I'm reading Mechanics by Landau and Lifshitz, chapter IV, and trying to understand how in a (closed) center of mass system, with randomly distributed and oriented particles that disintegrate, "the fraction of particles entering a solid angle element $do_{0}$ is proportional to $do_{0}$, i.e. equal to $do_{0}/4π$". Then it is stated that "the distribution with respect to the angle $θ_{0}$ is obtained by putting $do_{0}=2π∗sin(θ_{0})dθ_{0}do_{0}=2π∗sin(θ_{0})dθ_{0}$".

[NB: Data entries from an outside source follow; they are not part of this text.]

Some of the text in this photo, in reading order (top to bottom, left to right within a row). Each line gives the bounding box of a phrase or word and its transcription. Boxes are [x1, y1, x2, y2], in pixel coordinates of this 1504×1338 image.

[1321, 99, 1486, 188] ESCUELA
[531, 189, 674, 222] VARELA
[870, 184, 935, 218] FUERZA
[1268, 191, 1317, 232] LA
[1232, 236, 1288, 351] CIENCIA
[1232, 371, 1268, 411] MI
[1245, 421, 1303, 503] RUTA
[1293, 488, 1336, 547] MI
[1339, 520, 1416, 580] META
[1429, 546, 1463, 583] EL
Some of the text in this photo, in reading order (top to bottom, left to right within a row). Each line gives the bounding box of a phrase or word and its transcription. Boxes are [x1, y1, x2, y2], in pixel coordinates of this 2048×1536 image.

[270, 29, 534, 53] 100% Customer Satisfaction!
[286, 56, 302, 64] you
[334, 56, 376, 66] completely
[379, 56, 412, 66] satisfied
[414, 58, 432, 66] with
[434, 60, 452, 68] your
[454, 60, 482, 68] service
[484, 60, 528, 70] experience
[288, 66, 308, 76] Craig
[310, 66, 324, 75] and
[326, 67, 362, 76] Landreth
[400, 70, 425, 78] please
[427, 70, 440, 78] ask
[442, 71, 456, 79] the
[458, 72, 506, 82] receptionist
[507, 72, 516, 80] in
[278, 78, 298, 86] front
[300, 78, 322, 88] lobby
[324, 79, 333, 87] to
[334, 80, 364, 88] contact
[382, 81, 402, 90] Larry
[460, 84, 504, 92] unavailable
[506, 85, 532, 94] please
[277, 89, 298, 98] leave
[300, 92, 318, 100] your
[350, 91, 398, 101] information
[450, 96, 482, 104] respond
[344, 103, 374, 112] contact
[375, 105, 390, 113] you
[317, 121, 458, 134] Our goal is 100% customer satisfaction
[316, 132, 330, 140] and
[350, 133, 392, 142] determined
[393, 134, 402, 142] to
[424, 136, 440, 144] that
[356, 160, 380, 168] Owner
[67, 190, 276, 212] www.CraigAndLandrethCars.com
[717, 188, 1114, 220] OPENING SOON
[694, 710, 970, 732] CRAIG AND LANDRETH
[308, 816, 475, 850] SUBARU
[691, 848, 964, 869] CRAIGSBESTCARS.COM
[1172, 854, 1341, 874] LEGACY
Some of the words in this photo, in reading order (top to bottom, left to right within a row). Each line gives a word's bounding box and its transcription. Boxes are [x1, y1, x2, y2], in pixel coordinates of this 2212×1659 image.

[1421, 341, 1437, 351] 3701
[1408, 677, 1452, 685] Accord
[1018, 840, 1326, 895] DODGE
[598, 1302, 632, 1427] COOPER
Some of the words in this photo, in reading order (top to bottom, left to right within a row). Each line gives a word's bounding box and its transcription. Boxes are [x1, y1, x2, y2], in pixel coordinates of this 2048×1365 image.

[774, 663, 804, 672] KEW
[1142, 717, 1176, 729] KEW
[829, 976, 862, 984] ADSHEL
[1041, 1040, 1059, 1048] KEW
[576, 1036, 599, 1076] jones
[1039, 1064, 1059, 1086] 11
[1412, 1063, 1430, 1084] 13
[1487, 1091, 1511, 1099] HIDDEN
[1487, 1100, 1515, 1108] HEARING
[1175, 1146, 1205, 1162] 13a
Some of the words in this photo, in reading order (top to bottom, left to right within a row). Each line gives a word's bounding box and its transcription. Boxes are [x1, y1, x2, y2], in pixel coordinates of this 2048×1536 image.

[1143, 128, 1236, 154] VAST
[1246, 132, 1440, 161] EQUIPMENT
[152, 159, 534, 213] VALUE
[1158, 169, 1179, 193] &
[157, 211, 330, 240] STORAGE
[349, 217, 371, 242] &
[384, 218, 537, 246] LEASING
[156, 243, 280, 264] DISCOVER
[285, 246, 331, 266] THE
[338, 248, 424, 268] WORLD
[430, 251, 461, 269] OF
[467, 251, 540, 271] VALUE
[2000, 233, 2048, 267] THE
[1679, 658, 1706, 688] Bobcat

What is the solid angle element $do_{0}$(and the equation for it)? How were those formulas obtained?

 

[vanhees71]

Take usual spherical coordinates for the unit sphere
$$\vec{x}=\begin{pmatrix}\cos \varphi \sin \vartheta \\ \sin \varphi \sin \vartheta \\ \cos \vartheta\end{pmatrix}.$$
The surface-element spanned by an infinitesimal rectangular-like shape given by the infinitesimal increments $\mathrm{d} \vartheta$ and $\mathrm{d} \varphi$ at the point $(\vartheta,\varphi)$ on the sphere is given by
$$\mathrm{d}^2 f = \mathrm{d} \vartheta \mathrm{d} \varphi \left | \frac{\partial \vec{x}}{\partial \vartheta} \times \frac{\partial \vec{x}}{\partial \varphi} \right|=\mathrm{d} \vartheta \mathrm{d} \varphi \sin \vartheta.$$

 

[ranger281]

Where does $do_{0}/4\pi$ come from?

Thank you for help.

 

[vanhees71]

The full solid angle is given by integrating over the entire spherical unit shell. Just draw the vector in dependence of $\vartheta$ and $\varphi$:

https://en.wikipedia.org/wiki/Spherical_coordinate_system#/media/File:3D_Spherical.svg

There you see that the full spherical shell is covered once for $\vartheta \in [0,\pi]$ and $\varphi \in [0,2 \pi[$. This gives
$$\Omega=\int_0^{\pi} \mathrm{d} \vartheta \int_0^{2 \pi} \mathrm{d} \varphi \sin \vartheta = 2 \pi \int_0^{\pi} \mathrm{d} \vartheta \sin \vartheta = 4 \pi.$$
Now if something is spread uniformly across the sphere, the distribution must be
$$f(\varphi,\vartheta)=\frac{1}{4 \pi}.$$
Thus indeed the fraction entering the solid angle element $\mathrm{d}^2 \Omega$ is $\mathrm{d}^2 \Omega/(4 \pi)$.